Task to complete ->
Give back every line of the data exactly. Pictures are not part of the copy.

(Data extracted from a collection)
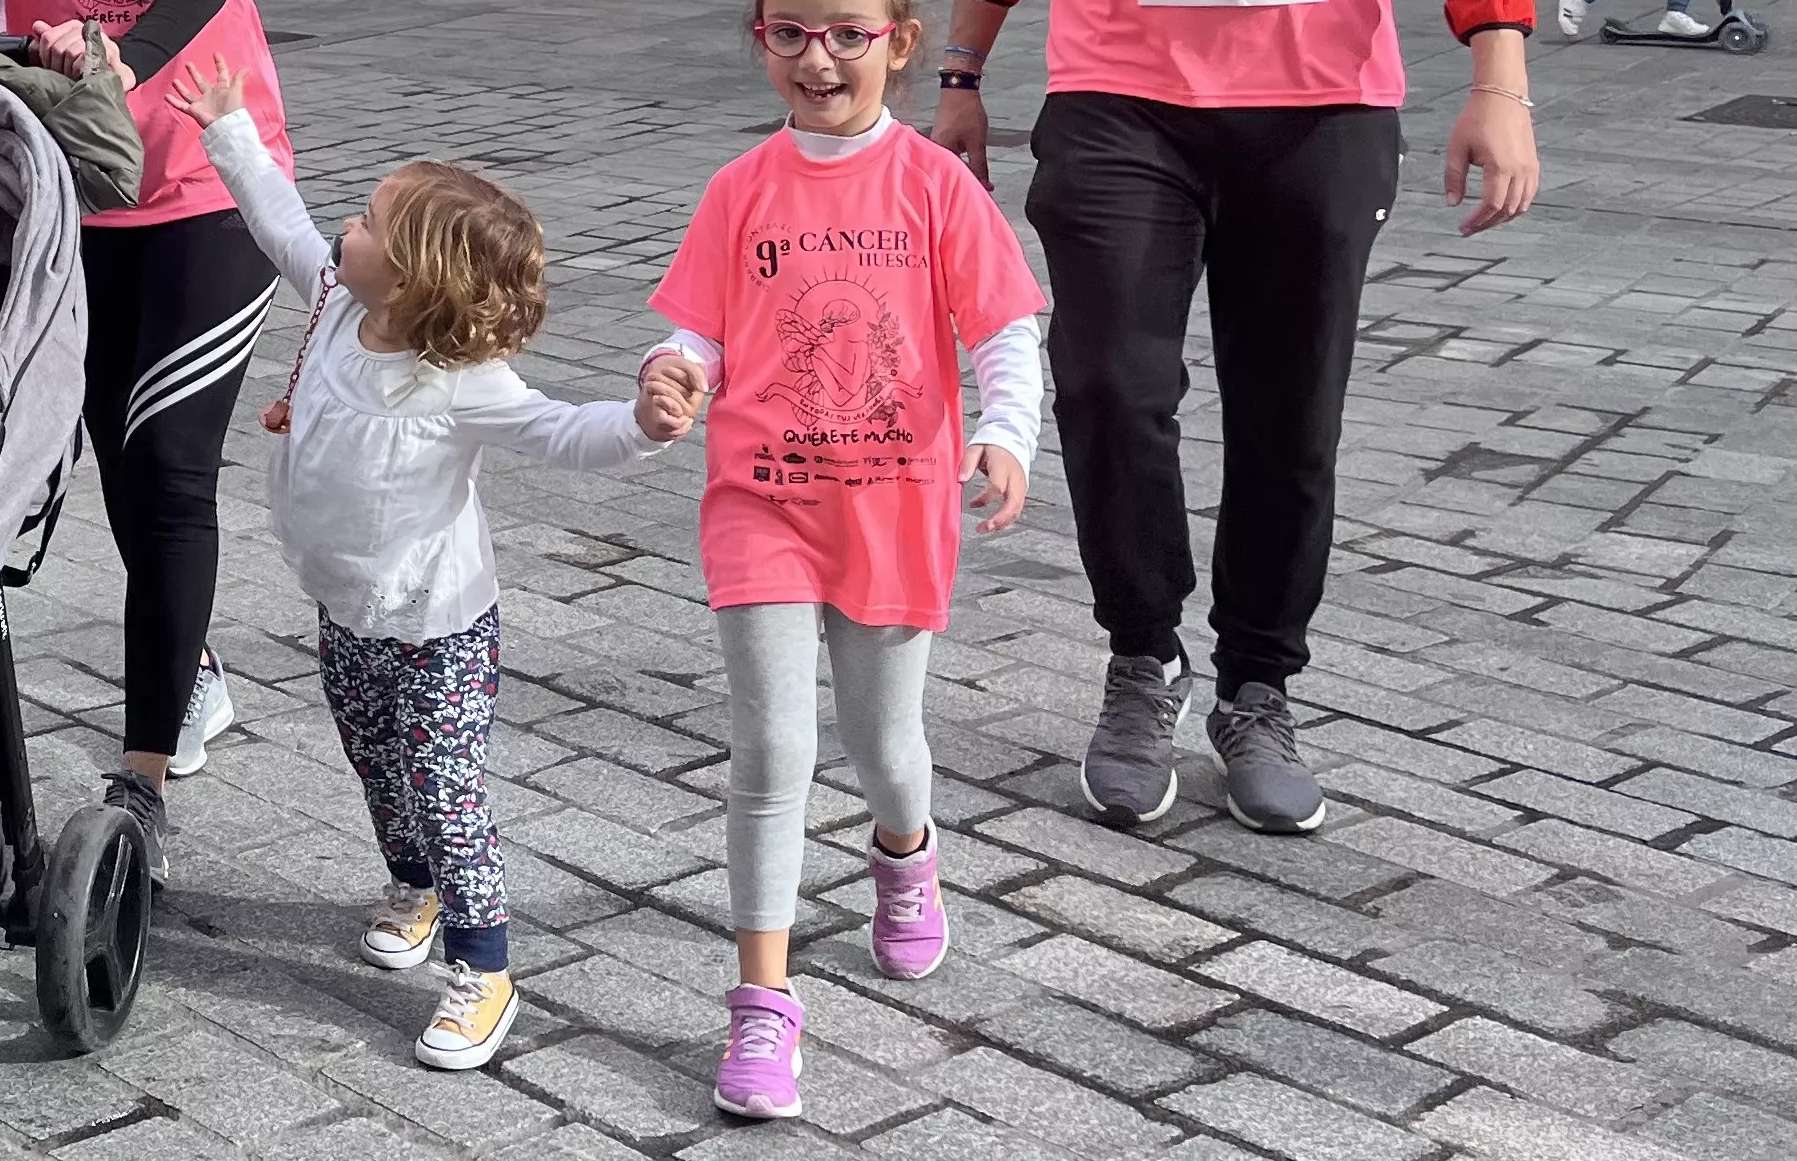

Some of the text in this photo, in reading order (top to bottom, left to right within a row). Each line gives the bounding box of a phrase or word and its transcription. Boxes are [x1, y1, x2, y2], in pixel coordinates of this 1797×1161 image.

[756, 227, 909, 279] 9ª CÁNCER
[858, 252, 929, 269] HUESCA
[783, 427, 914, 447] QUIÉRETE MUCHO
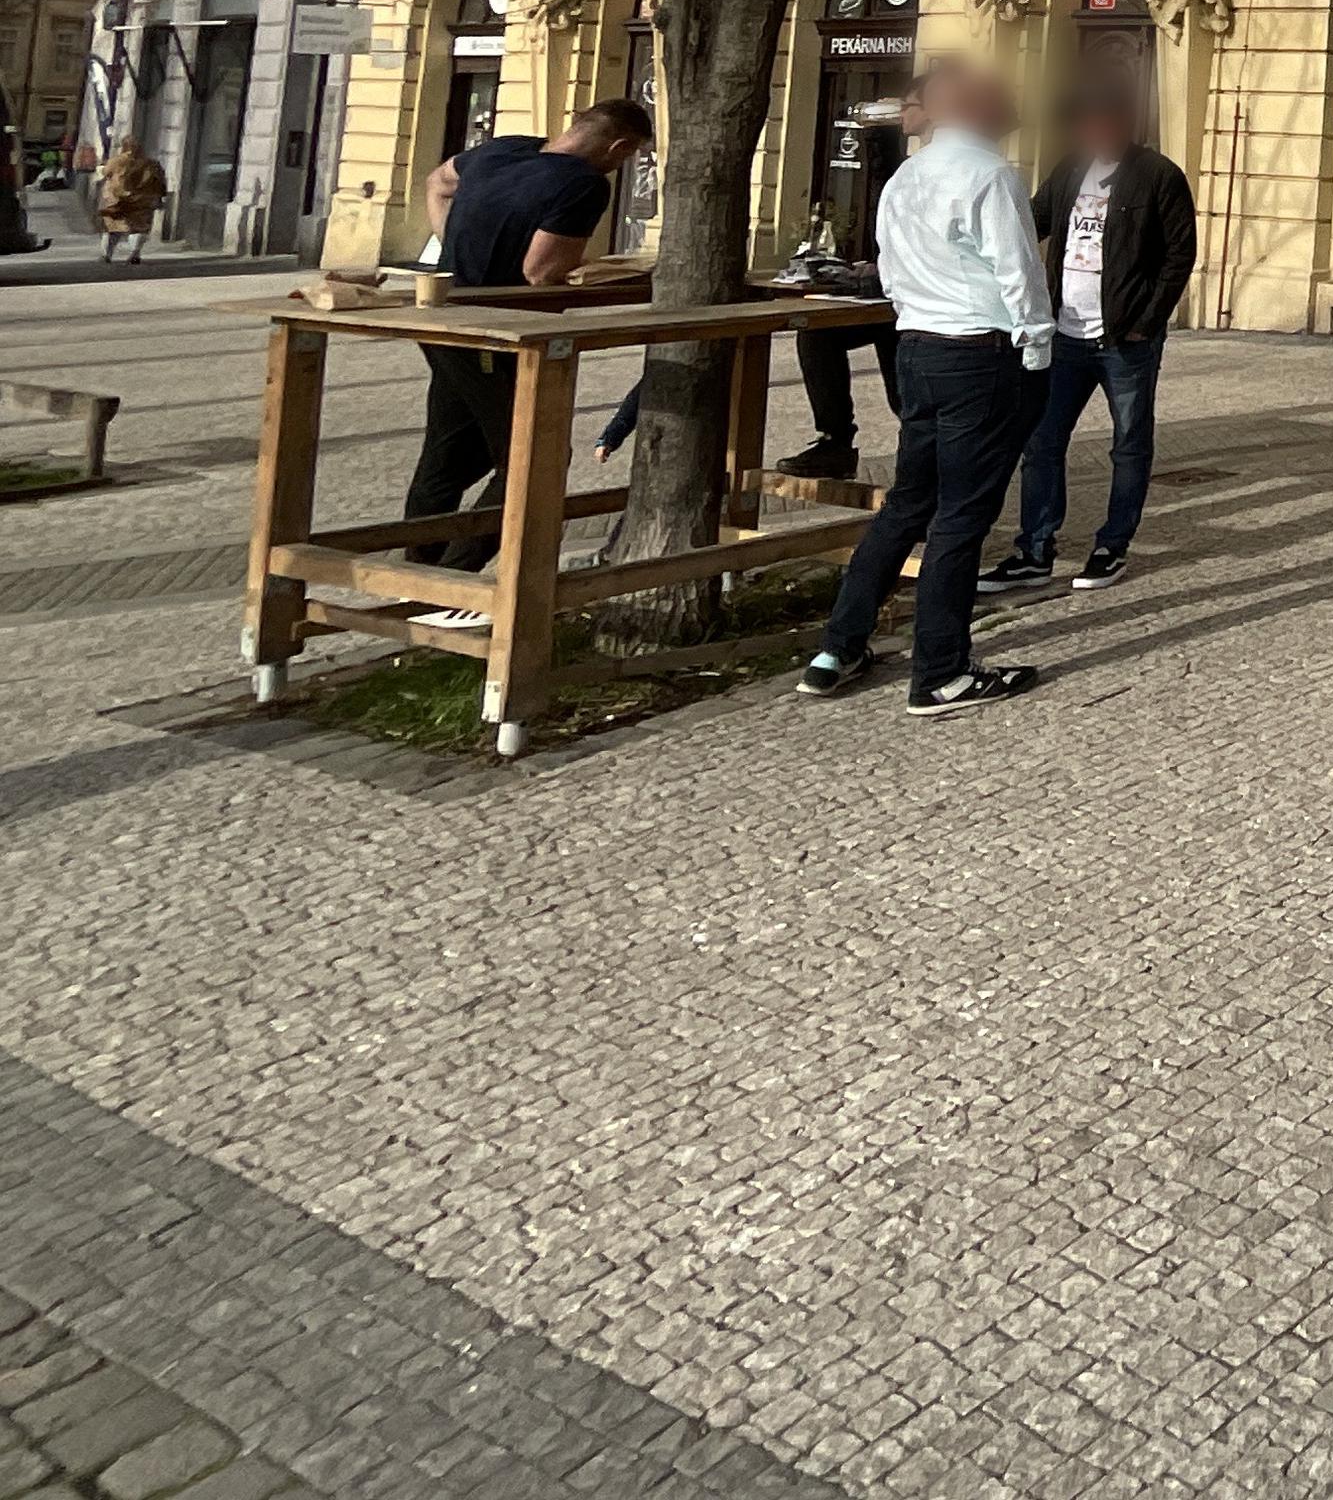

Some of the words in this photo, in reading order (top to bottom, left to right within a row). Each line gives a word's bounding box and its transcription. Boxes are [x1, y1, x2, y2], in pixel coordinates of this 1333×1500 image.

Solution ->
Some of the text in this photo, in reading order (top to bottom, left to right within a row). Each line gives the bounding box of a phrase or word and its transcription. Boxes are [x1, y1, x2, y2], in pixel coordinates of this 1797×1161 image.

[756, 227, 909, 279] 9ª CÁNCER
[858, 252, 929, 269] HUESCA
[783, 427, 914, 447] QUIÉRETE MUCHO

Some of the words in this photo, in reading order (top to bottom, left to right within a row). Each line gives a word's bounding box and its transcription. Boxes are [x1, y1, x2, y2], in pixel coordinates of this 1333×1500 image.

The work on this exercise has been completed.